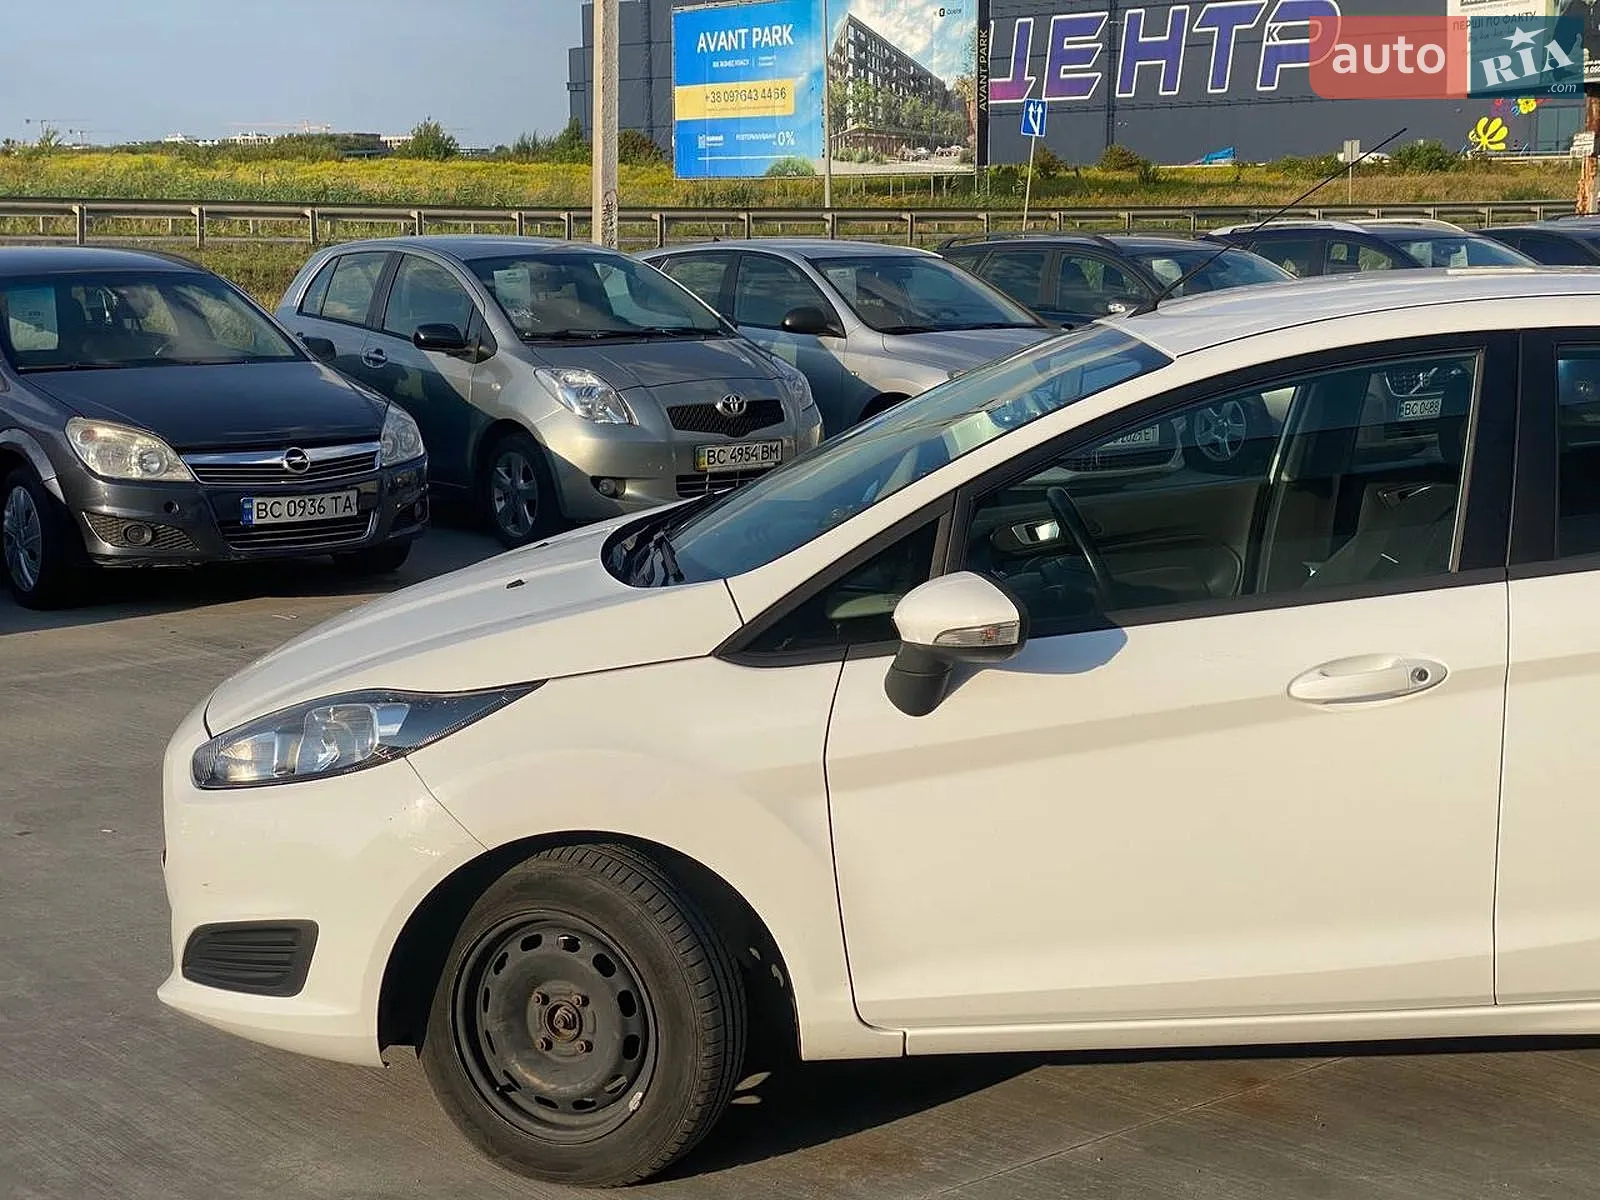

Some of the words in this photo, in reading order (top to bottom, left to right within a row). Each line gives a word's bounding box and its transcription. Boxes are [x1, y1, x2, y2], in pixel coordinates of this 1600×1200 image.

[697, 28, 749, 54] AVANT
[752, 23, 794, 49] PARK
[979, 29, 989, 64] PARK
[979, 66, 989, 111] AVANT
[777, 130, 795, 147] 0%
[707, 449, 727, 465] BC
[729, 444, 759, 463] 4954
[761, 442, 779, 461] BM
[256, 501, 282, 520] BC
[286, 496, 326, 517] 0936
[330, 495, 353, 515] TA
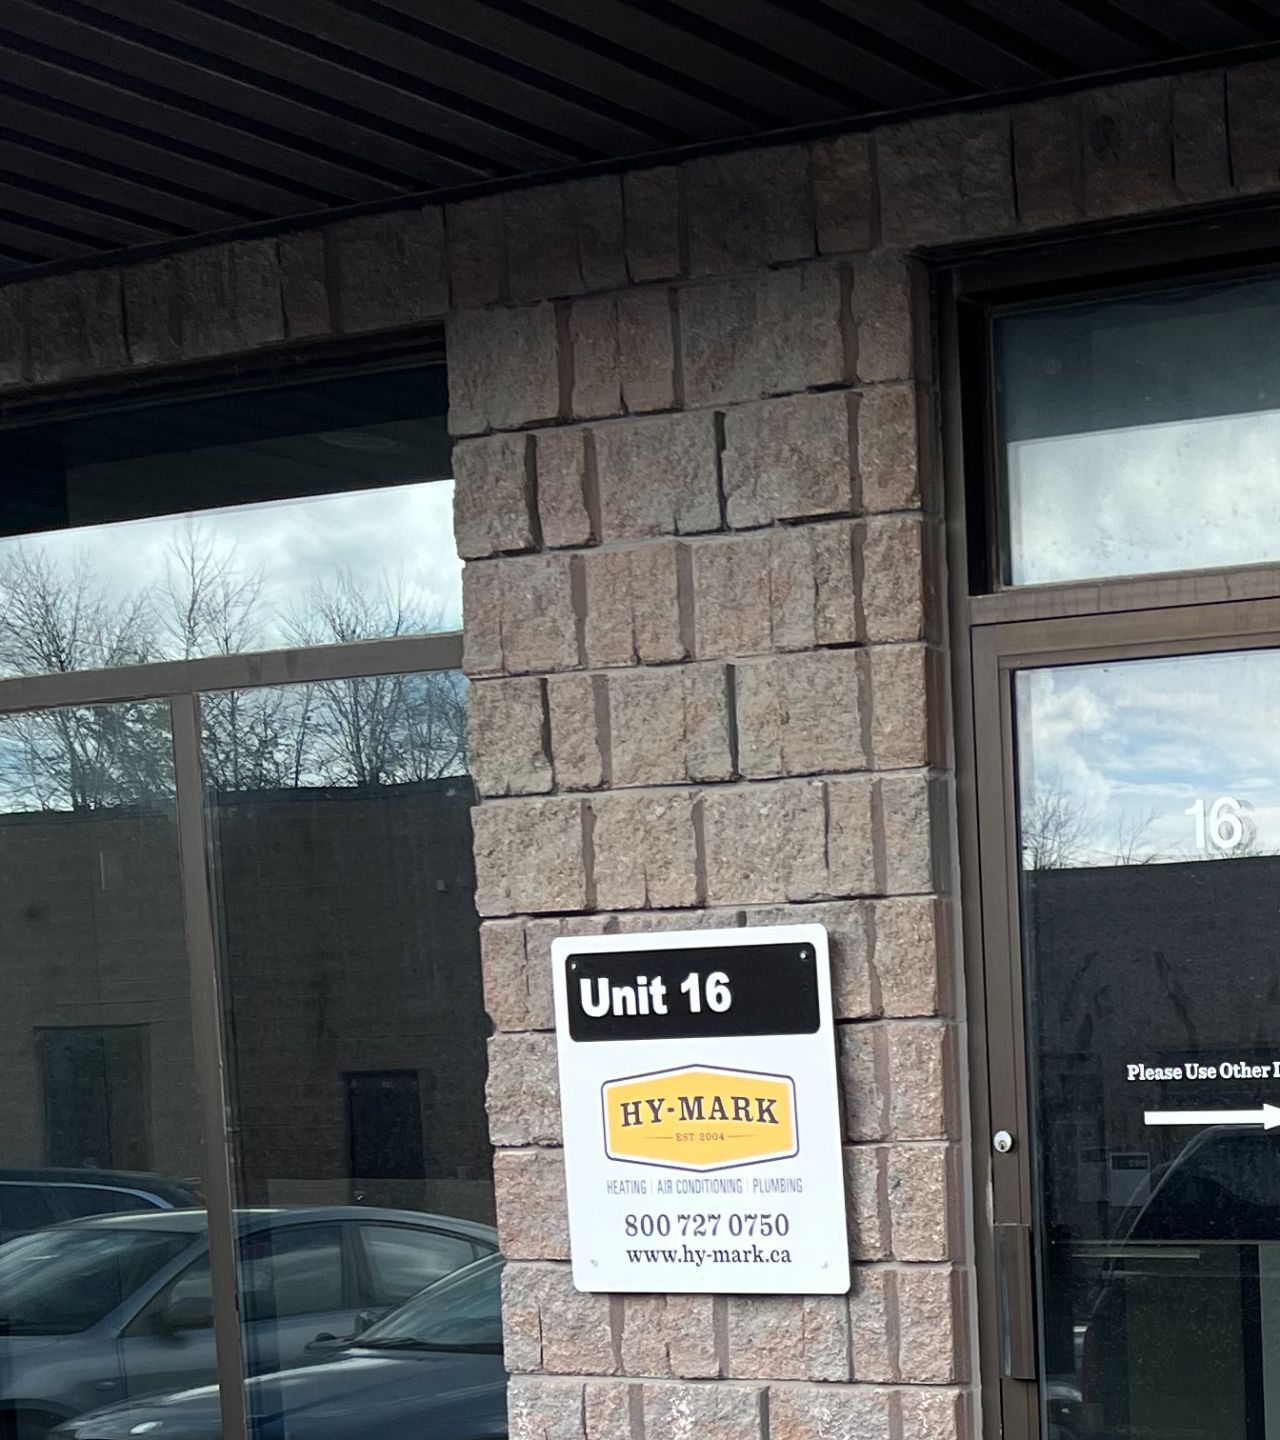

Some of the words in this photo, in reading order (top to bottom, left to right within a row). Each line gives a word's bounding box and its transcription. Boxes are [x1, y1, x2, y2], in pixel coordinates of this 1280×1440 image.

#####

▸ **Assignment**
Word-for-word transcript, pictures excluded: copy all the material above.

▸ **Response**
Some of the words in this photo, in reading order (top to bottom, left to right within a row). Each line gives a word's bounding box and its transcription. Boxes are [x1, y1, x2, y2], in pixel coordinates of this 1600×1200 image.

[697, 28, 749, 54] AVANT
[752, 23, 794, 49] PARK
[979, 29, 989, 64] PARK
[979, 66, 989, 111] AVANT
[777, 130, 795, 147] 0%
[707, 449, 727, 465] BC
[729, 444, 759, 463] 4954
[761, 442, 779, 461] BM
[256, 501, 282, 520] BC
[286, 496, 326, 517] 0936
[330, 495, 353, 515] TA

Some of the words in this photo, in reading order (top to bottom, left to right within a row). Each line gives a word's bounding box and its transcription. Boxes are [x1, y1, x2, y2], in pixel coordinates of this 1280×1440 image.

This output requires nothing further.